In Paraschat Noach, dem zweiten Wochenabschnitt des jüdischen Jahres, ist zum ersten Mal von den süßen Trauben und ihrer berauschenden Wirkung die Rede – und gleich endet die Geschichte mit einer familiären Tragödie.

Sintflut Nachdem Gott die Wasser der Sintflut zurückgehen ließ und einen Bund mit den übrig gebliebenen Menschen schloss, macht sich Noach, der Stammvater aller Menschen, daran, einen Weinberg zu pflanzen.

»Als er von dem Wein trank, ward er berauscht und entblößte sich in seinem Zelt. Und Cham, der Vater Kenaans, sah die Blöße seines Vaters und sagte es den beiden Brüdern draußen. Da nahmen Schem und Jefet das Gewand und legten es sich auf ihre Schultern und gingen rücklings und bedeckten die Blöße ihres Vaters, und ihr Gesicht war abgewandt, sodass sie ihres Vaters Scham nicht sahen. Als Noach aus seinem Rausch erwachte und erfuhr, was ihm sein jüngster Sohn angetan hatte, sprach er: Verflucht sei Kenaan!« (1. Buch Mose 9, 21–25).

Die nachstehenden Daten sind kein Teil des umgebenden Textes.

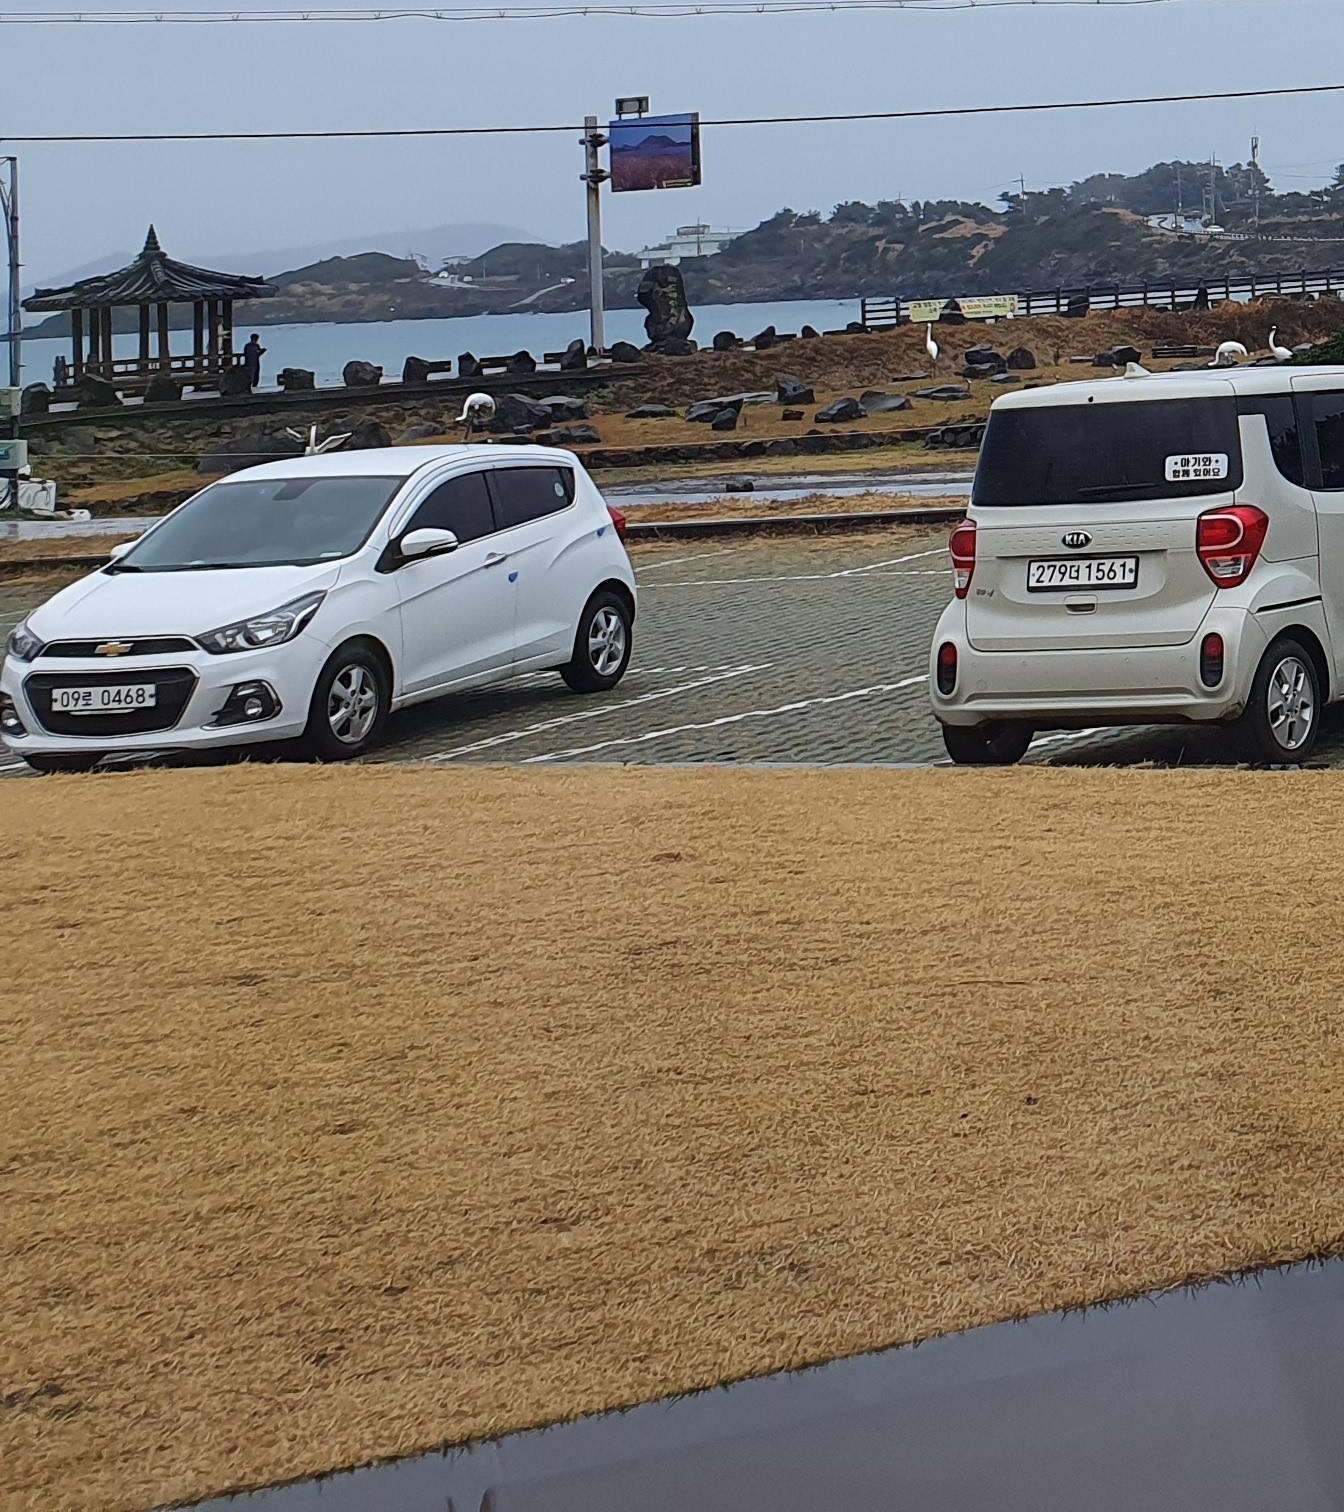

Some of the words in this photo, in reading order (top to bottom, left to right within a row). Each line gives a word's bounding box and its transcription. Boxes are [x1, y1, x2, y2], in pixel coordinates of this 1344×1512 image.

[1181, 456, 1212, 467] 아기와
[1065, 534, 1086, 545] KIA
[1035, 564, 1080, 584] 279더
[1085, 561, 1127, 581] 1561
[61, 691, 92, 708] 09로
[101, 687, 146, 706] 0468
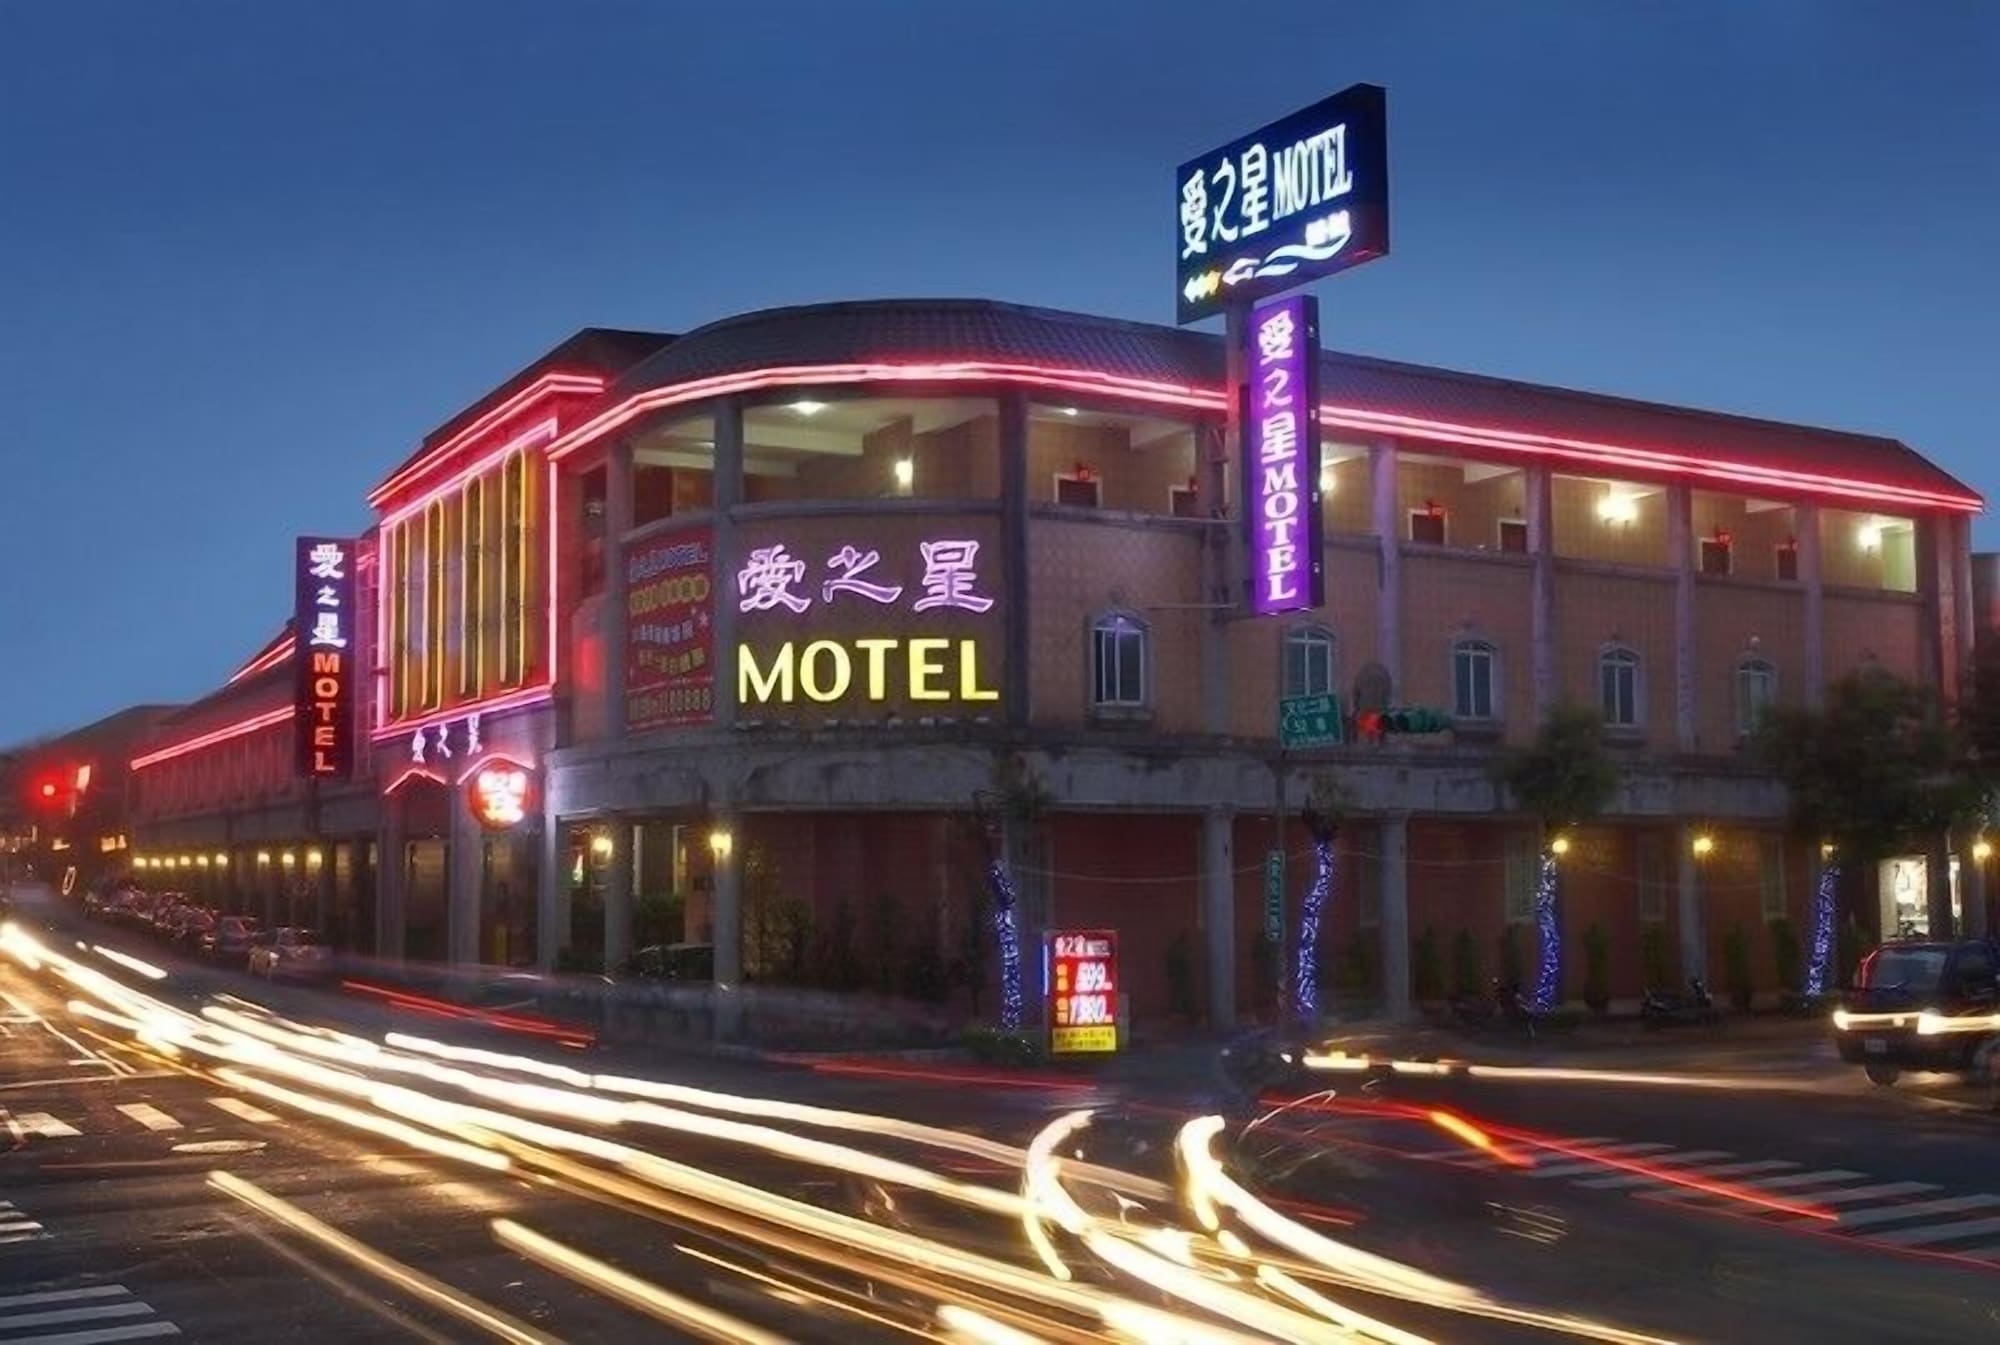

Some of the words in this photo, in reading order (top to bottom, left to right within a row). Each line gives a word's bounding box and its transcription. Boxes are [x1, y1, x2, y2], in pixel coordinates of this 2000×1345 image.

Psychoanalyse Im Babylonischen Talmud (Traktat Sanhedrin) wird diese Erzählung von den Rabbinen diskutiert. Sie fragen sich, warum Noach so heftig auf die Tat seines Sohnes reagierte, und entwickeln Interpretationen, die den heutigen Leser an Sigmund Freud und die Psychoanalyse denken lassen.

Raw glaubt, Cham habe seinen Vater, als er diesen im Vollrausch nackt daliegen sah, kastriert. Schmuel ist der Meinung, er habe ihn vergewaltigt.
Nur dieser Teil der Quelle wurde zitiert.